Quickly following his repeating decimal rational number inquiry, he asked me something related to infinity. I mentioned that you never reached infinity, which led to his asking what was the largest number, presumably the number before infinity in his mind, although that is just speculation on my part. I tried to explain that since you could never reach infinity, you could never arrive at one less than infinity, or even a largest number close to infinity. My explanation left him dissatisfied and laughing again as he felt that surely a largest number existed.
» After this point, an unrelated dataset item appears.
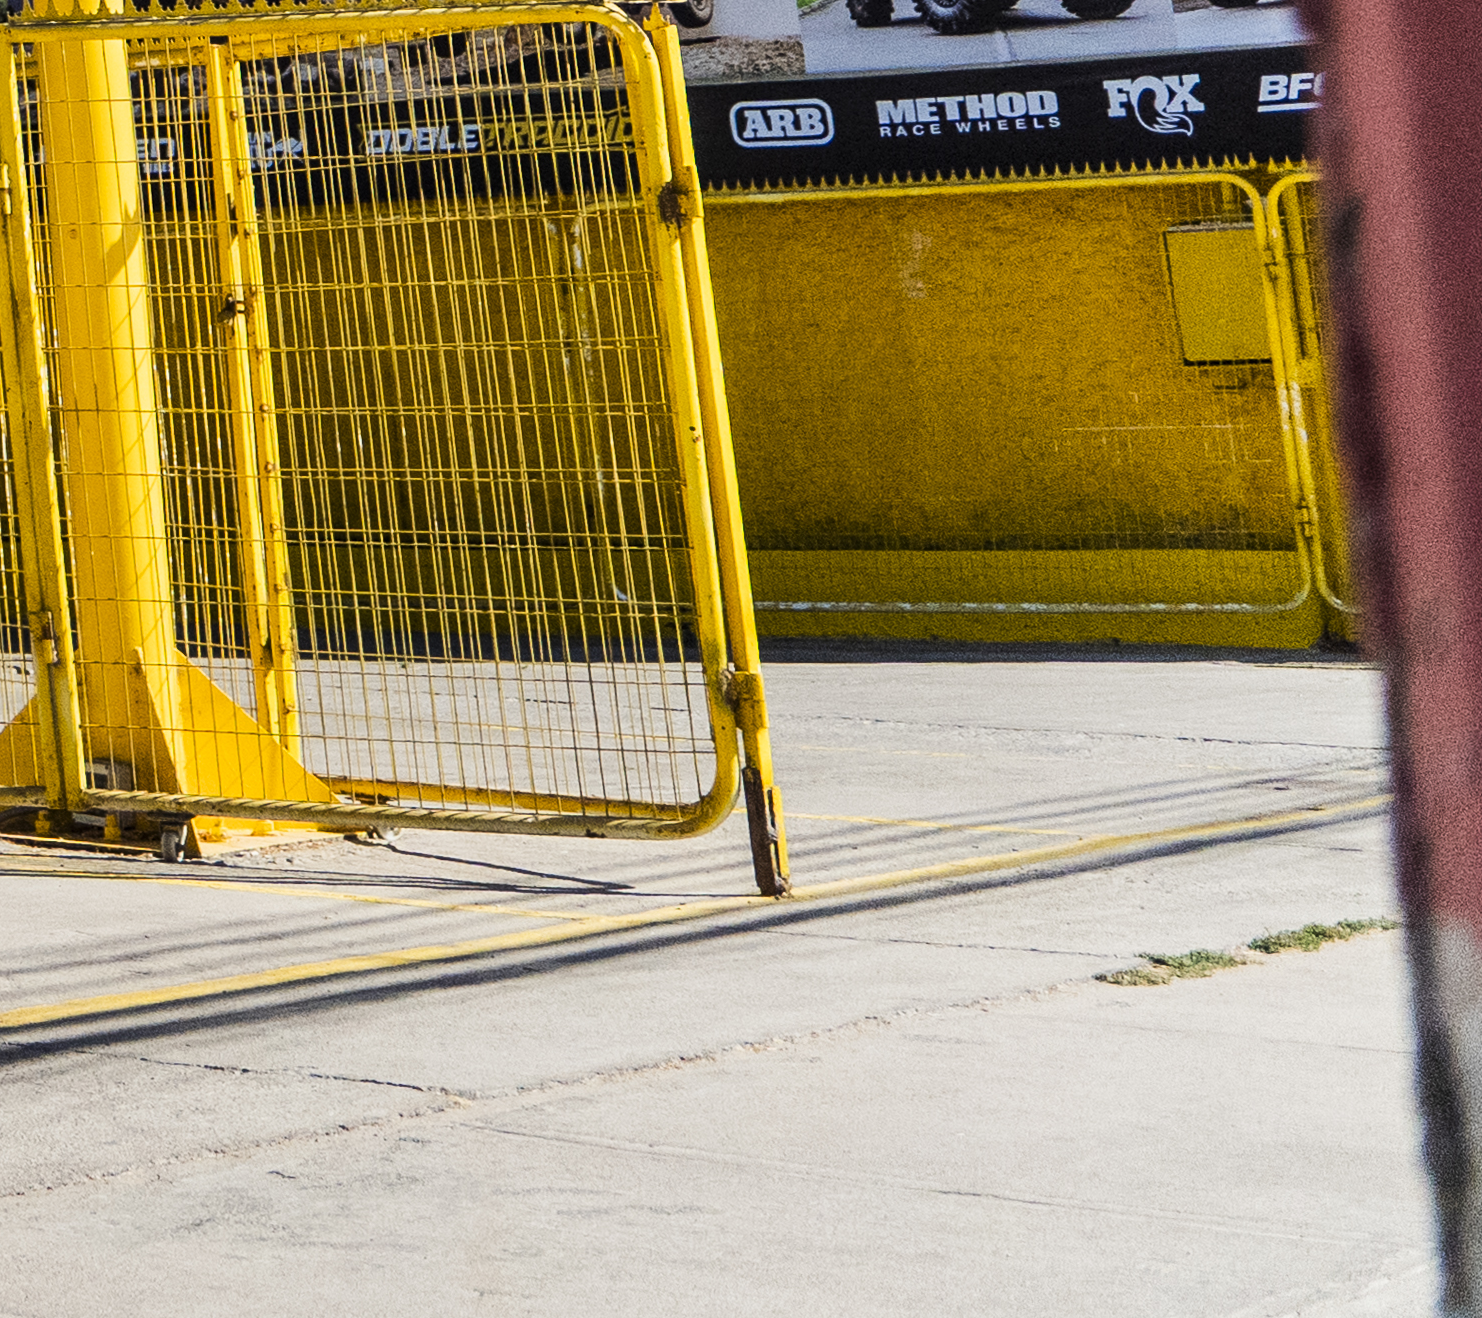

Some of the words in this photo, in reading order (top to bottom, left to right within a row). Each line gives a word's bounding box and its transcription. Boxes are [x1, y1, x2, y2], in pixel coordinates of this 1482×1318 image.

My later research revealed that while there is no number mathematically speaking, there is a largest defined number, humanly speaking, which lent aspects of its name to the renowned leader of internet search engines, namely Google. The basis for the largest named number is ‘googol,” or 1.0 x 10^100, a one with one hundred zeros to the right of the one, before the decimal place. The largest named number is the “googolplex,” or 1×10^(1×10^100). In words, a googolplex is one to the googol, which has googol zeros between the leading one and the decimal place; not that bad of a conversation for a ten-year old.
I only hope my eldest will find this as interesting!
 She teaches high school mathematics as well so while I work with my eldest and his friend, she plans out work for my youngest.